Two days later, the newly formed Black Athletes Union presented a letter to several Iowa newspapers. It read, in part, "Brought into focus here is the slave-master relationship. The black athlete, for example, is the gladiator who performs in the arena for the pleasure of the white masses. He is brought from the black colony, typically called high school, which is predominantly black...The black gladiator brought into this oppressive environment, representing approximately one percent of the populace, is trained to razor athletic sharpness and used to thrill the white spectator masses...The requirements of eligibility do not meet those of graduation. Why? Simply because it was not intended that the black athlete graduate. At the end of four years, the black gladiator is tossed back into the colony exhausted from his toil and exploitation in the mother country. It is intended that he be physically exhausted because he potentially represents the greatest threat to this society, politically and revolutionary."

Three days later, it was reported that the seven freshmen who were among the sixteen dismissed black players had disassociated themselves from the BAU and wanted to return to the team. That same day, the BAU released a list of five demands to the university's athletic board, all minor in scope. The following day, the chairman of the athletic board said that Iowa would grant their demands. Further, he stated that he was presented with these demands by a group of black athletes two days before the boycott of practice and had told them then that their requests would be granted. The athletes had been persuaded to boycott anyway.

Spring practice ended with the situation unresolved, and it remained that way until the day before fall practice. Nagel announced that those boycotting players that wanted to be reinstated could make an individual appeal to the team for reinstatement, and that the team would conduct a vote on whether or not to allow them to rejoin the team. Twelve of the sixteen boycotting players appealed for reinstatement, and the team voted to allow seven of them to rejoin the squad. The seven players allowed back on the team included five of the sophomores who had broken from the BAU and just two veterans. One of the two veterans allowed back was Dennis Green, a future college and NFL head coach.
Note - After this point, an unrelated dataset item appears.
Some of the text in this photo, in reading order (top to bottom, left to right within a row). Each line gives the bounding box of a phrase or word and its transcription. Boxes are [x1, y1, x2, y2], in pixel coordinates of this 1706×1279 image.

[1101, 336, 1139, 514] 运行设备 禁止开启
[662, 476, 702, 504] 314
It was announced the following day that one of the black players voted back onto the team would need a season-ending hernia operation. In addition, two white players would also miss the season, one from injuries stemming from a motorcycle accident and one due to academics. These three players, plus the nine black players who were not reinstated, plus Allison and Bolden, made it a total of fourteen players who were expected to play after the 1968 season who would not return in 1969.

The "Black Boycott" left some scars on both sides and may have been the first push toward the ouster of Nagel, who seemed to have turned the corner the previous season. Iowa was 5–5 in 1969; the season was both disappointing and encouraging. The Hawkeyes had failed to post a winning record and did not contend for the Big Ten title, but considering all of the off-season turmoil caused by the boycott, the record could have been worse. Optimism was high for the 1970 season, as there were a lot of young players returning from the 1969 squad.
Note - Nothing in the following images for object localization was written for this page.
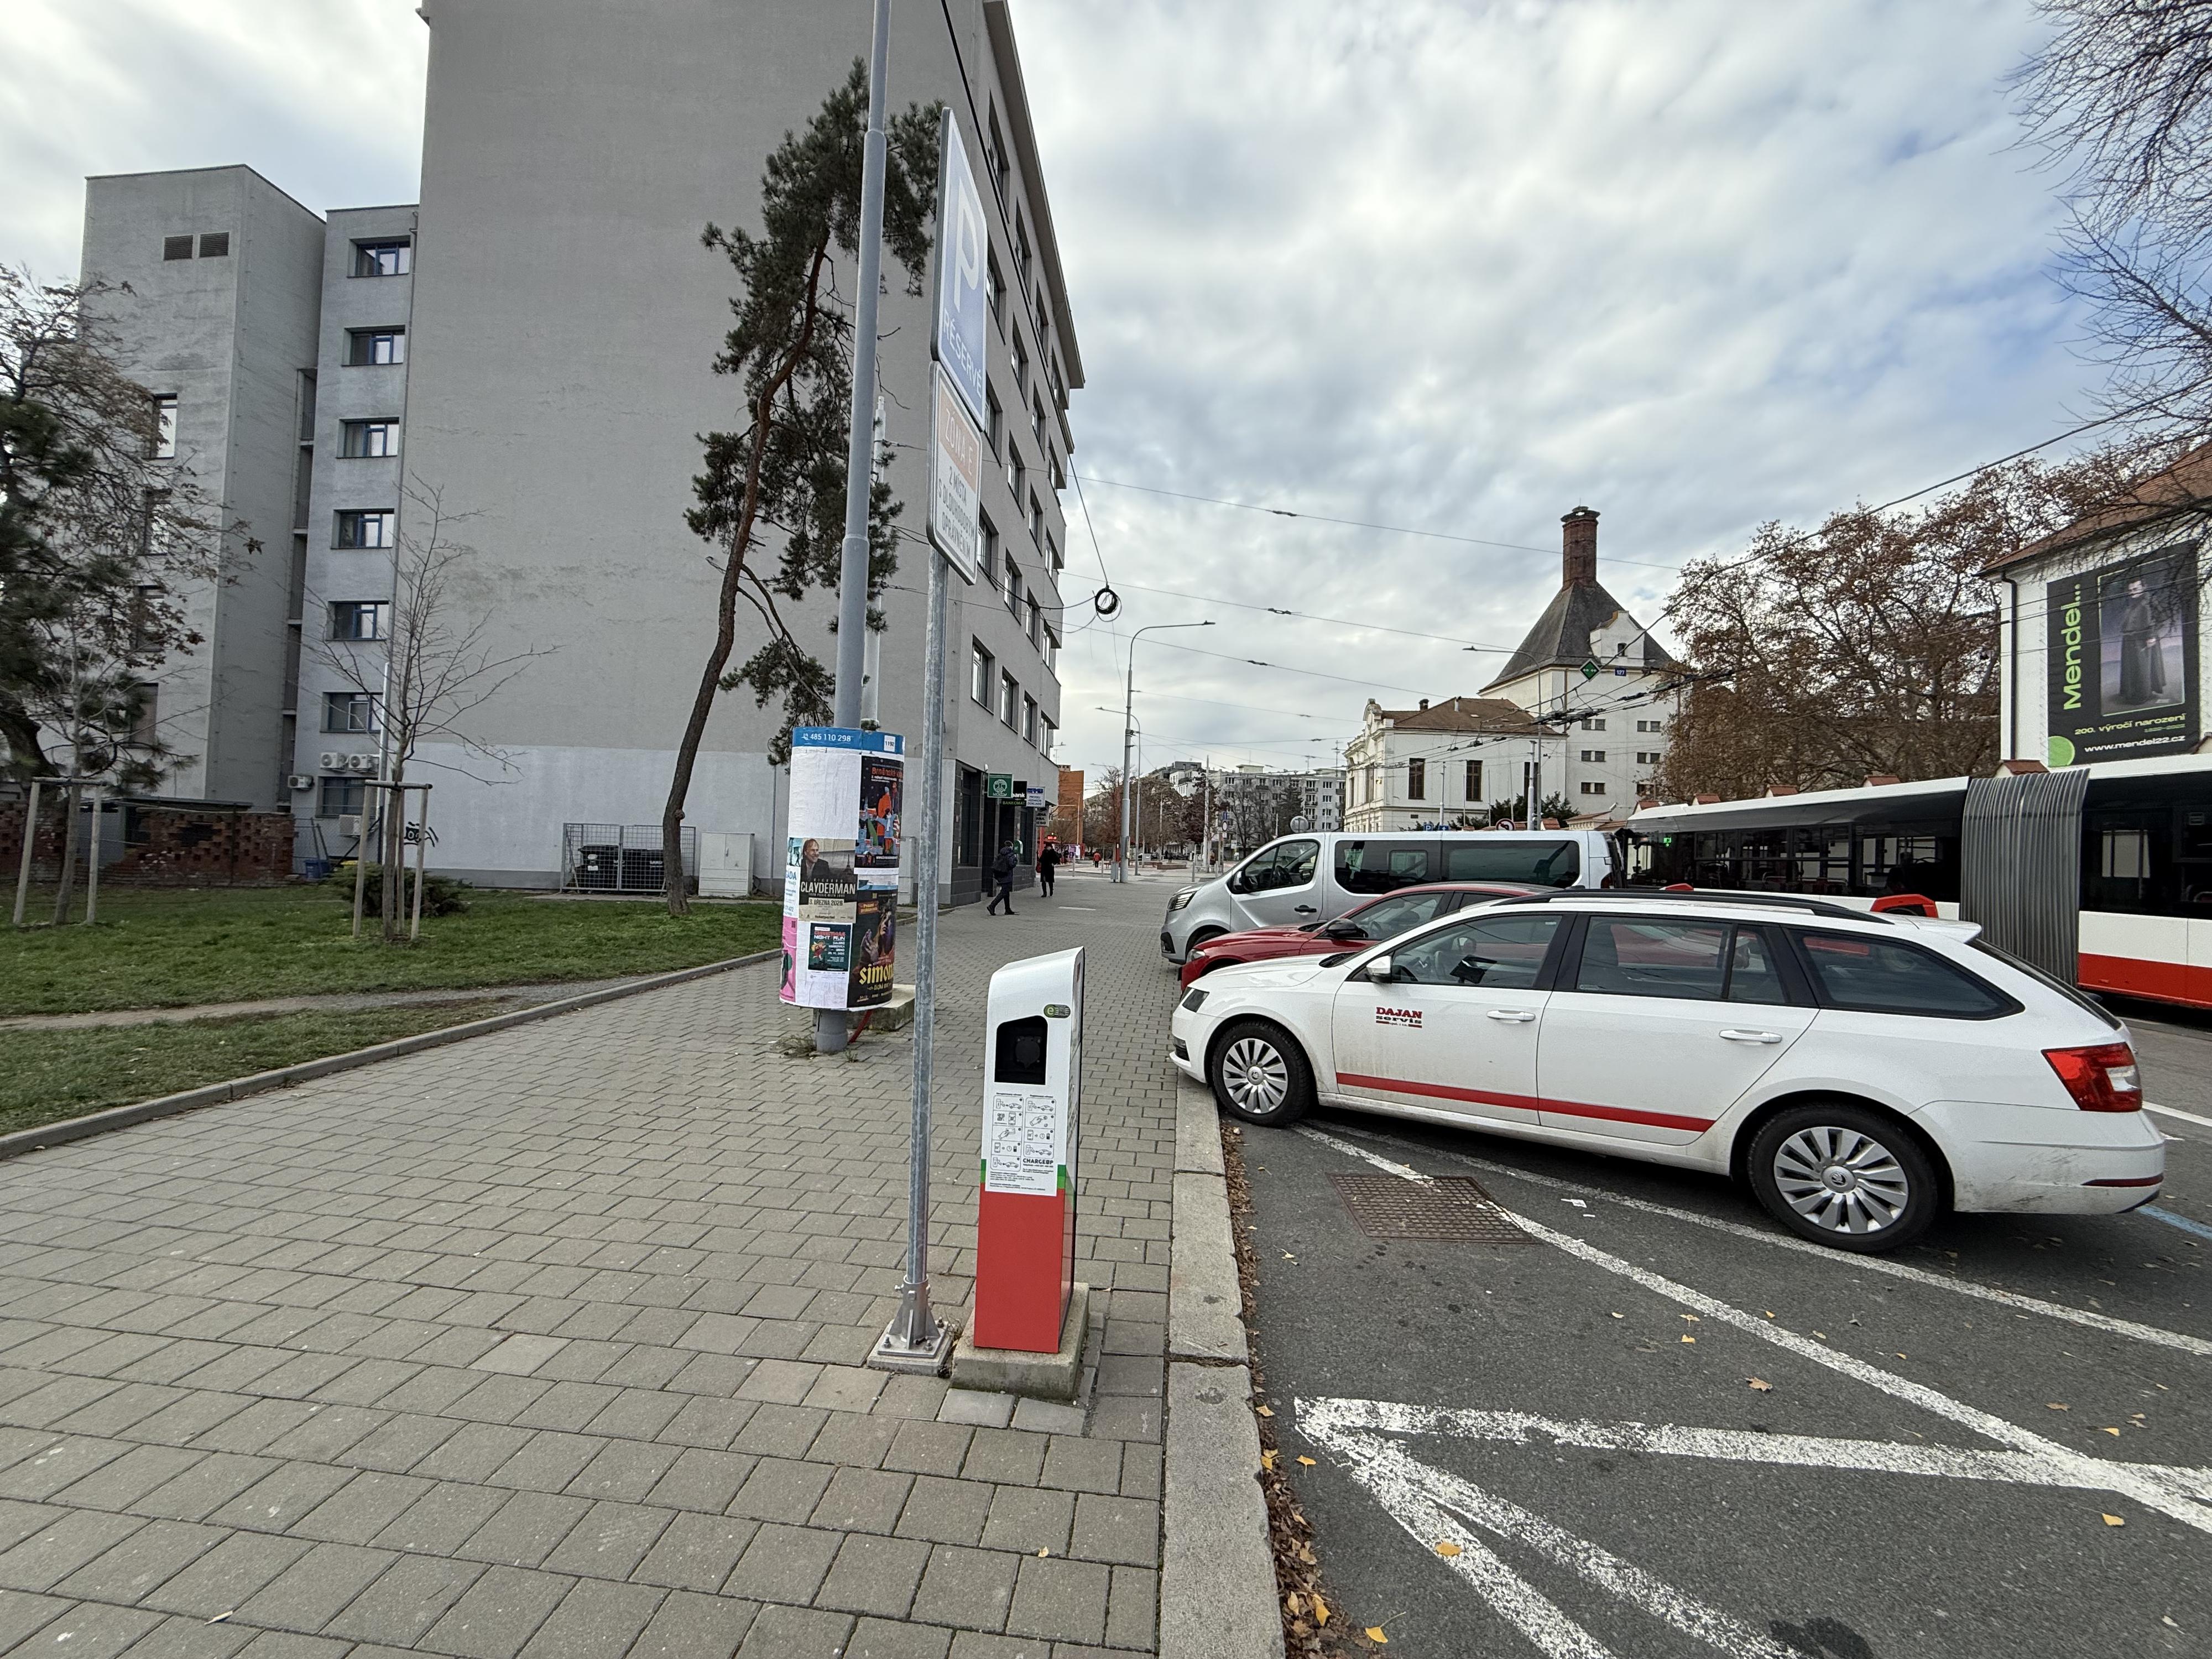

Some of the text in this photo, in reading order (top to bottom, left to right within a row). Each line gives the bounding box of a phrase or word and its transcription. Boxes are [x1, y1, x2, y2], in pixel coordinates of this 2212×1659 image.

[954, 175, 979, 314] P
[943, 307, 982, 399] RÉSERVÉ
[945, 408, 973, 476] ZÓNA E
[938, 478, 942, 498] S
[949, 466, 967, 507] 2 MÍSTA
[2060, 583, 2081, 710] Mendel...
[2074, 727, 2096, 735] 200.
[2099, 720, 2133, 733] výročí
[2135, 713, 2187, 727] narození
[2084, 735, 2186, 753] www.mendel22.cz
[801, 881, 855, 894] CLAYDERMAN
[1376, 1007, 1422, 1019] DAJAN
====Feud with Evashevski====
Less than twelve months after the Black Boycott, the athletic department found itself in a state of turmoil again. Nagel had one year left on his contract, and he was looking for an extension. Rumors of a feud between Nagel and Evashevski had existed for years. In December 1969, Ted Lawrence, Iowa's freshman coach and the father of Iowa quarterback Larry Lawrence, resigned to take a job in the private sector. Lawrence later blasted Nagel and his coaching staff for having a lack of compassion for their players.

In January 1970, Nagel dismissed offensive line coach Gary Grouwinkel for "disloyalty," which Grouwinkel later revealed was his allegiance to Evy instead of Nagel. Less than one month later, star quarterback Larry Lawrence and fullback Tom Smith quit the team and transferred to Miami, loudly proclaiming that they would never stay and play for Nagel.

About two weeks later, Lawrence's roommate, a non-athlete, submitted to the Iowa Board of Athletics a written statement charging Evy with participating in a rebellion aimed at getting Nagel fired and that would allow Evy to succeed him as head football coach. Lawrence's roommate stated that Lawrence was recruited to gather player support for Nagel's removal, but that Lawrence's efforts were unproductive. Evy vehemently denied the charges, and Iowa's athletic board took no action.

In May 1970, the state auditor of Iowa announced that the athletic department was under investigation for "padded expense accounts." Nagel not only denied wrongdoing but claimed that they were shown how to fill out their expense accounts by Evashevski himself. Charges and counter-charges followed, and after a long investigation, the Iowa Board of Athletics relieved both Evashevski and Nagel of their respective duties on May 19, 1970.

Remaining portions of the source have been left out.